Steve Rothman responds
In response to a February 15 letter from Lee Shaiman of Wayne (“Rothman should attack Democrats”), I write to share with your readers a statement that I sent to various local newspapers and websites on February 11th:
“I condemn Rep. Ilhan Omar’s factually erroneous perspective and her hate-inspiring remarks.
“She should be referred to the House Ethics Committee for suggesting that her colleagues in the House vote for a strong U.S.-Israel relationship because they have been bribed.”
(Mr. Rothman, a Democrat, is a former congressman)
Bolstering a shabby defense
It seems like Rabbi Dr. Mitchell Rocklin wanted to bolster his shabby defense of the RCBC’s decision on female clergy with an even shabbier smear of “open Orthodoxy” (an imaginary denomination, but a convenient bogeyman for those fighting legitimate social, religious, and intellectual trends within Orthodox Judaism). (“Explaining the RCBCs decision to allow only mal synagogue clergy,” February 22.) Although we might be grateful to Rabbi Rocklin for exposing a dark conspiracy involving “non-Orthodox Jewish money” and nefarious actors from — gasp! — Riverdale.
Also: Rabbi Rocklin and other Orthodox triumphalists who trumpet the “success” of our denomination ought to ask themselves what brought our own community to this point, if not our institutions’ inability to satisfy the needs of all its members. That’s hardly the picture of unqualified success. Not to mention the host of other issues plaguing Orthodoxy, including, for starters, the tuition crisis, the denial of adequate secular education to children in many Orthodox communities, and creeping Kahanism.
David S. Zinberg
The Rav vs. uniformity
Presuming to justify the Rabbinical Council of Bergen County’s recent proclamation prohibiting female congregational interns, Rabbi Dr. Mitchell Rocklin, a member of the Rabbinical Council of America’s executive committee, depicts an American Orthodoxy that demands uniform religious styles. (“Explaining the RCBCs decision to allow only male synagogue clergy,” February 22.)

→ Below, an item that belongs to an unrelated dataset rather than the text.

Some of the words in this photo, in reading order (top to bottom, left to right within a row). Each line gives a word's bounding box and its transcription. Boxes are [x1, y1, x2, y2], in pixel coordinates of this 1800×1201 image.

He cites as his primary example of American Orthodoxy’s “common basic standards” the “spread of the Young Israel movement’s uniform prayer style.”
Perhaps Rabbi Rocklin and some of his colleagues who now control the RCA and related organizations such as the Orthodox Union should stop publishing siddurim and machzorim that profess to contain the prayer customs of Rabbi Dr. Joseph Soloveitchik as they were followed in his community and shul. Those practices were quite different than the apparent “uniform style” of Young Israel synagogues. Indeed, I suppose Rabbi Rocklin’s penchant for uniformity would have made the Rav’s shul quite discomforting for him.

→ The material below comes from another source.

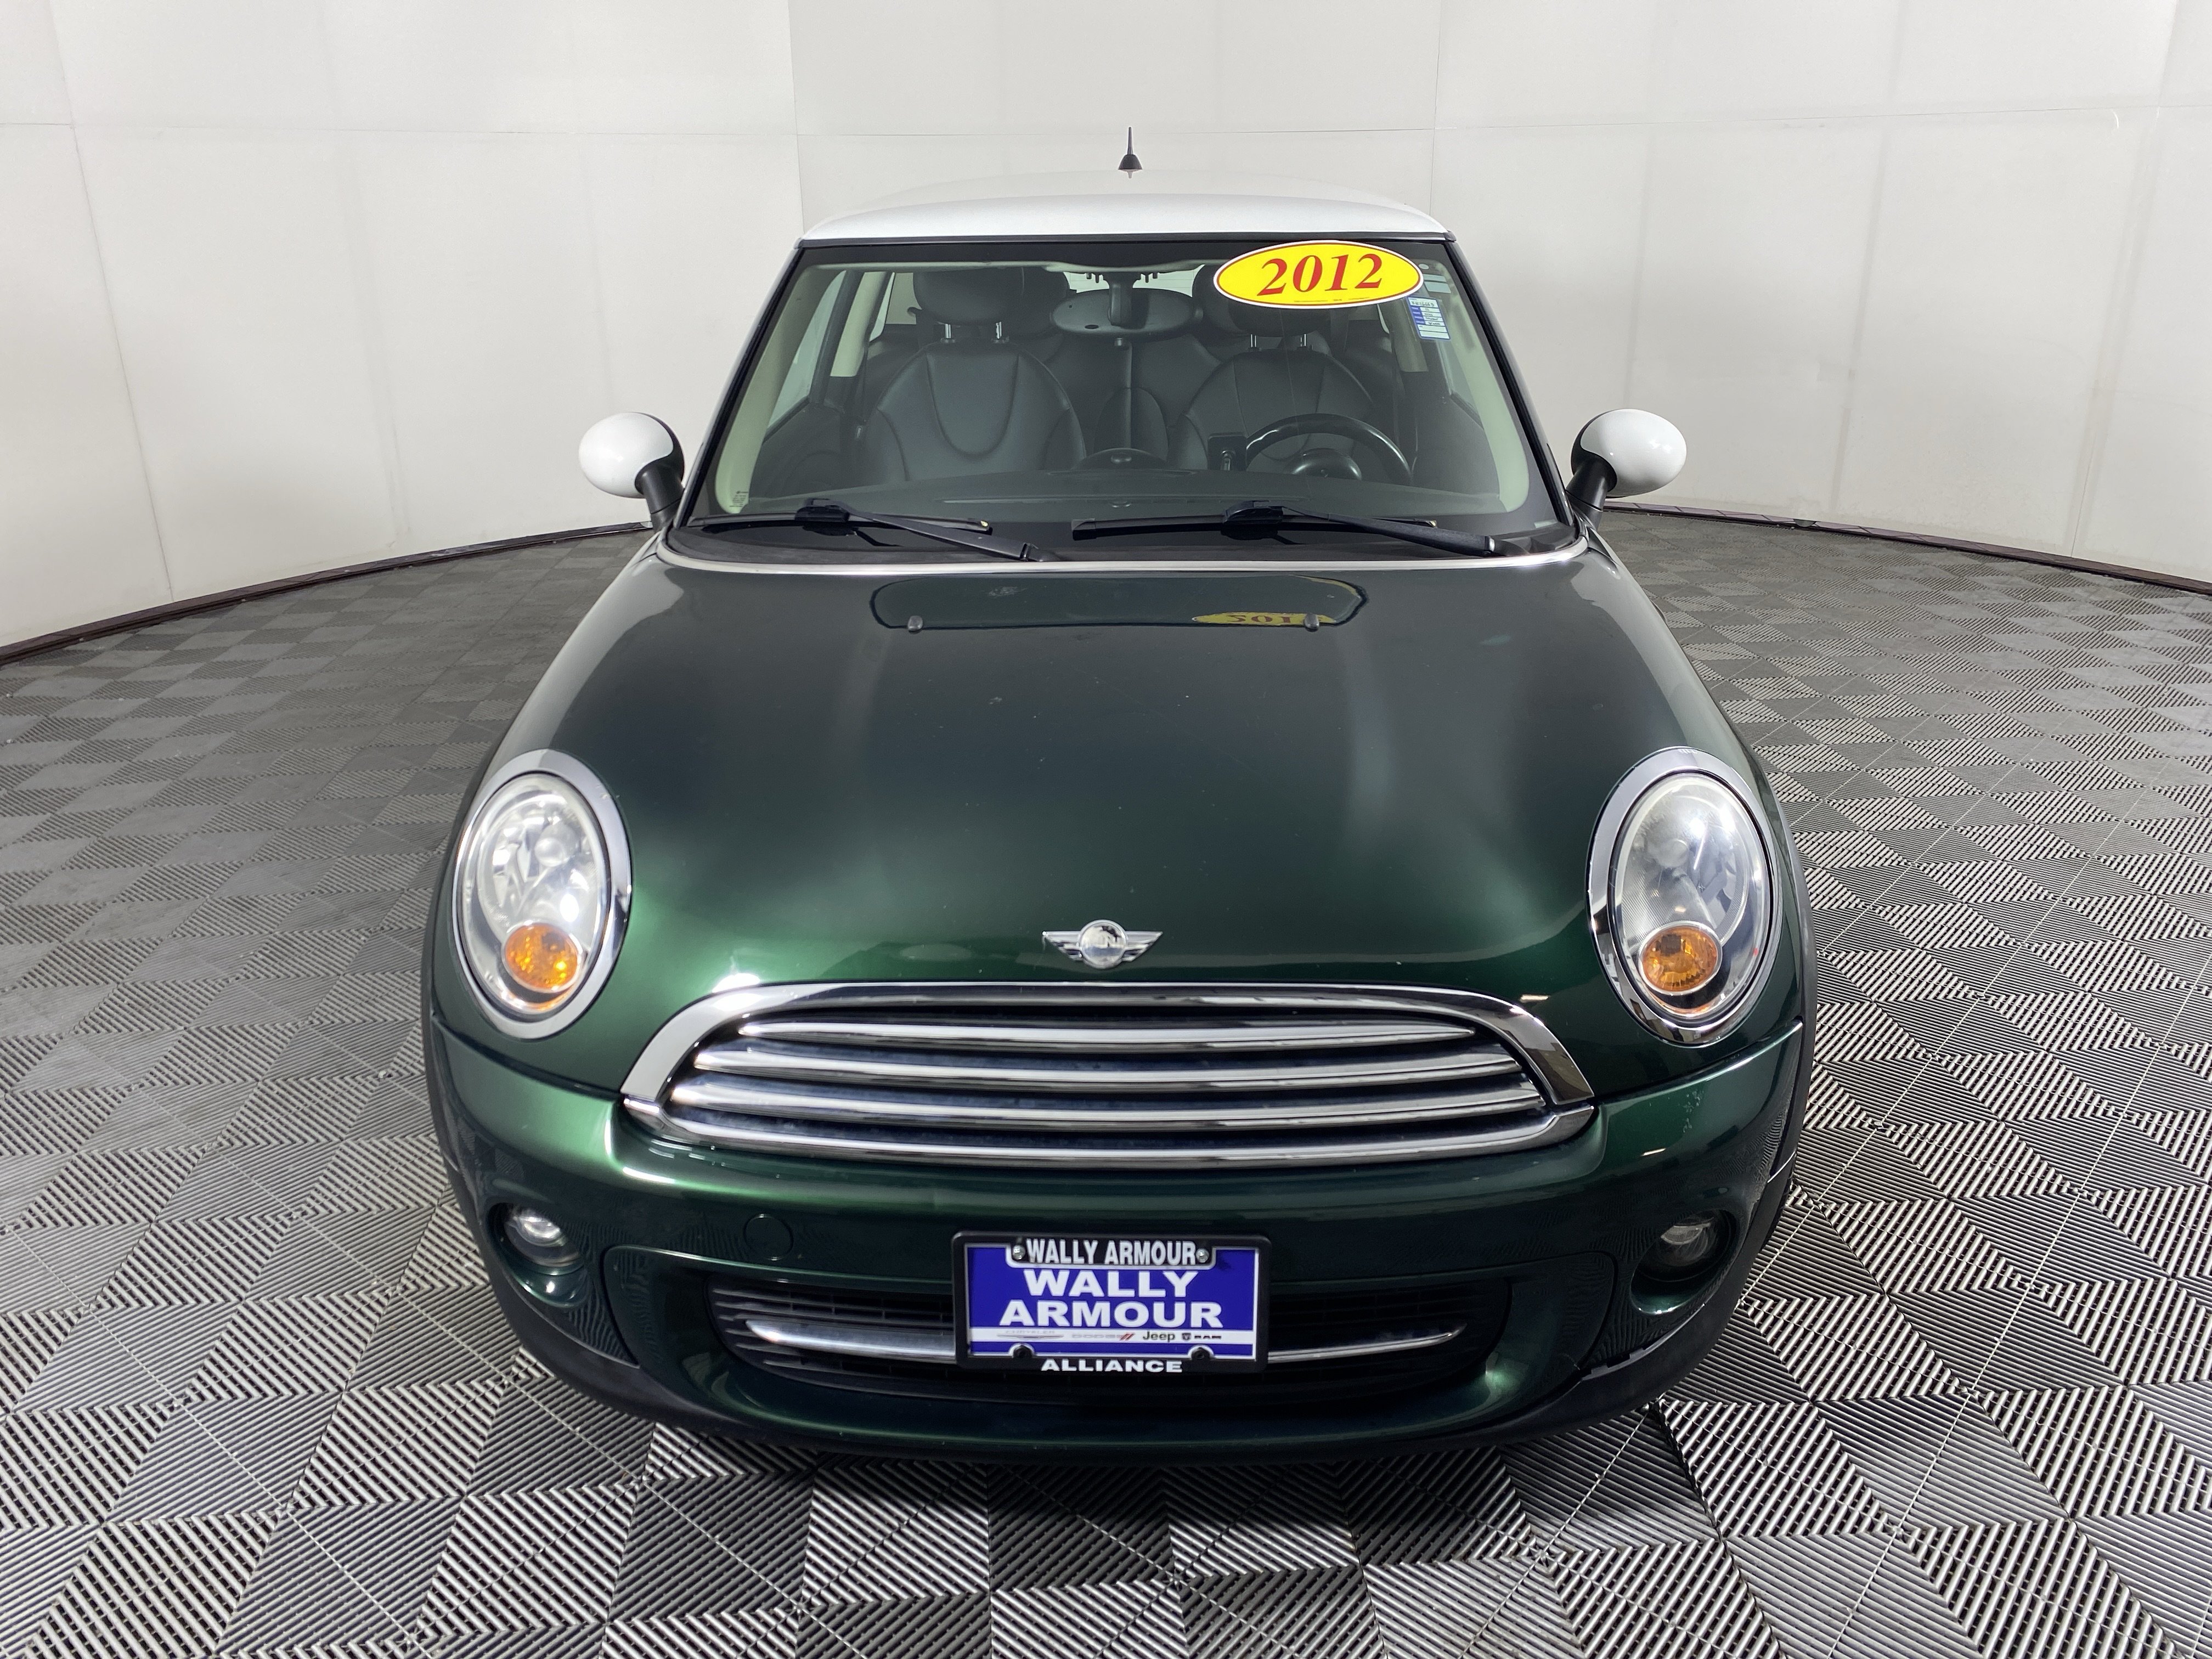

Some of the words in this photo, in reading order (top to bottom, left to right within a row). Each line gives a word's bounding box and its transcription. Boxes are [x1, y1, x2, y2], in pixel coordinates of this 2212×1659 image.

More generally, I suppose Rabbi Rocklin would not have agreed with the Rav’s celebration of diverse religious (and rabbinic) styles. In 1972, the Rav delivered a speech to the Chevra Shas of Boston promoting different religious styles and highlighting the diverging approaches of four rabbinic luminaries. In that speech, the Rav stated: “style is individualistic, unique and singular; it cannot be imitated or emulated…. Developing a style of one’s own gives one a sense of happiness, satisfaction and meaningfulness. It inspires him and arouses ecstasy in him.” (Halakhic Morality, pp. 199-200)

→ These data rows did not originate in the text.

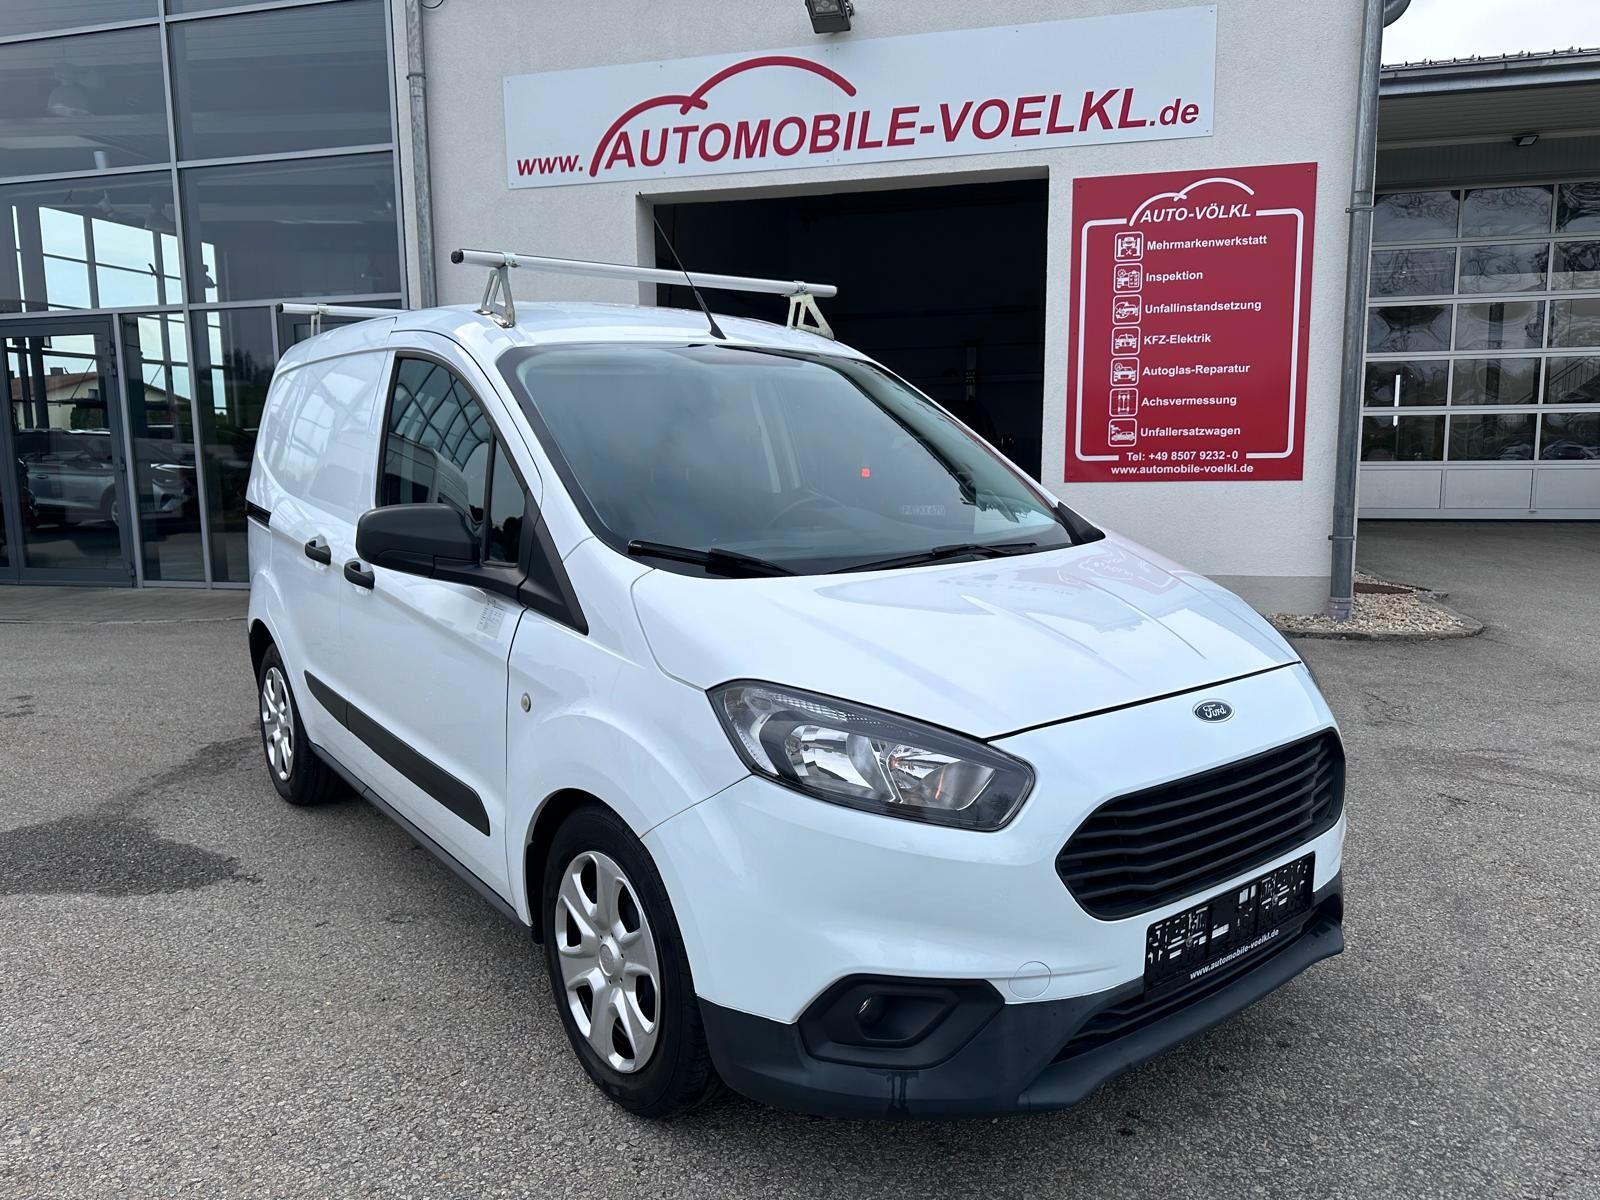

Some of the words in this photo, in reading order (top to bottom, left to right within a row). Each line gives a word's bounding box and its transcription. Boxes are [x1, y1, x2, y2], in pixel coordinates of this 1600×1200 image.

[1139, 202, 1252, 224] AUTO-VÖLKL
[1146, 234, 1268, 251] Mehrmarkenwerkstatt
[1145, 270, 1204, 284] Inspektion
[1144, 299, 1263, 315] Unfallinstandsetzung
[1143, 332, 1212, 346] KFZ-Elektrik
[1142, 363, 1251, 379] Autoglas-Reparatur
[1141, 395, 1238, 410] Achsvermessung
[1140, 426, 1241, 441] Unfallersatzwagen
[1126, 451, 1146, 462] Tel:
[1148, 451, 1169, 461] +49
[1170, 451, 1197, 461] 8507
[1110, 462, 1255, 475] www.automobile-voelkl.de
[1203, 703, 1228, 719] Ford
[1189, 928, 1280, 980] www.automobile-voelkl.de

It is definitionally the case that halakhic Judaism makes objective demands on its adherents when it comes to strict halakhic questions. But there was a time when the modern Orthodox community proudly proclaimed that such uniformity did not blunt the style and individuality of particular constituencies, communities and individuals.
I wonder if that remains true today.